24 Agosto 2021
Elas compram ações para influir na estratégia das empresas e defender os direitos humanos. E as empresas as levam a sério.
A reportagem é de Mauro Meggiolaro, publicada por In Terris, 19-08-2021. A tradução é de Luisa Rabolini.
“Reconhecemos seu grande trabalho em desenvolvimento de uma vacina segura e eficaz contra o Covid-19. Mas vocês também têm uma grande responsabilidade pela distribuição solidária das vacinas, especialmente para os países mais pobres. A justiça e a equidade devem ser fundamentais em vossas decisões”. Fala com a voz empolgada Cathy Rowan, conectada ao vivo à assembleia de acionistas da gigante farmacêutica Pfizer, nos Estados Unidos, no último dia 22 de abril. É ouvida por Albert Bourla, presidente e CEO da empresa.
Cathy é uma freira dominicana e sua ordem faz parte do ICCR - Centro Inter-religioso pela Responsabilidade de Empresa -, uma coalizão internacional de 300 investidores religiosos que inclui congregações, fundos de pensão, fundações e dioceses. Juntos, eles somam um patrimônio de mais de 4 trilhões de dólares.
Há 50 anos, o ICCR, com sede em Nova York, utiliza os investimentos das entidades religiosas para influenciar as estratégias de gestão das empresas e promover a justiça social.

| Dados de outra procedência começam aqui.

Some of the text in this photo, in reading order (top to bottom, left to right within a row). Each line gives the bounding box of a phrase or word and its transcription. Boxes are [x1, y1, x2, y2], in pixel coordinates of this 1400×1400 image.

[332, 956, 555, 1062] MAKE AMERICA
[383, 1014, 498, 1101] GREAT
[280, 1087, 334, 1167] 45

A cada ano, leva à votação mais de 300 moções nas assembleias de acionistas de grandes empresas estadunidenses: gigantes como Amazon, Apple, Disney, Facebook, Johnson & Jonhson, McDonald's ou Nike.
E muitas vezes as moções são aprovadas, porque as ordens religiosas também contam com a adesão de grandes investidores privados. Como aconteceu, por exemplo, em 2018, na assembleia da Sturm Ruger, um dos maiores fabricantes de armas dos Estados Unidos.

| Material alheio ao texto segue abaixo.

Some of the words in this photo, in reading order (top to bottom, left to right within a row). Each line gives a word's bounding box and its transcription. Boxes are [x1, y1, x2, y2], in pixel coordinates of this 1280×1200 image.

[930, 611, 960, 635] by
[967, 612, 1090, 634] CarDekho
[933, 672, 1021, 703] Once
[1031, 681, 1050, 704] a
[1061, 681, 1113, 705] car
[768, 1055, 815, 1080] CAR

As irmãs acionistas conseguiram ter a aprovação de uma moção para obrigar a empresa a monitorar a violência ligada às armas que vende e desenvolver produtos mais seguros. Isso também se deve ao voto favorável da maior empresa de investimentos do mundo, a BlackRock, que decidiu apoiar o pedido do ICCR. "Eu não podia acreditar. Quando anunciaram o resultado da votação, quase caí da cadeira”, contou a irmã Judy Byron, que apresentou a moção vencedora com as irmãs dominicanas de Adrian na última assembleia de Sturm Ruger.
“Em vinte anos de luta pela mudança social esta é a nossa maior vitória”. Sturm Ruger clamou a seus acionistas para se absterem da votação da moção. Mas 69% votaram a favor, inclusive grandes investidores, preocupados com as consequências que os tiroteios em massa no âmbito escolar poderiam trazer aos lucros no longo prazo. No início de 2018, após o massacre da Parkland High School, um dos tiroteios em escolas com maior número de vítimas na história dos Estados Unidos, as irmãs começaram a comprar ações dos principais fabricantes de armas, como Sturm Ruger.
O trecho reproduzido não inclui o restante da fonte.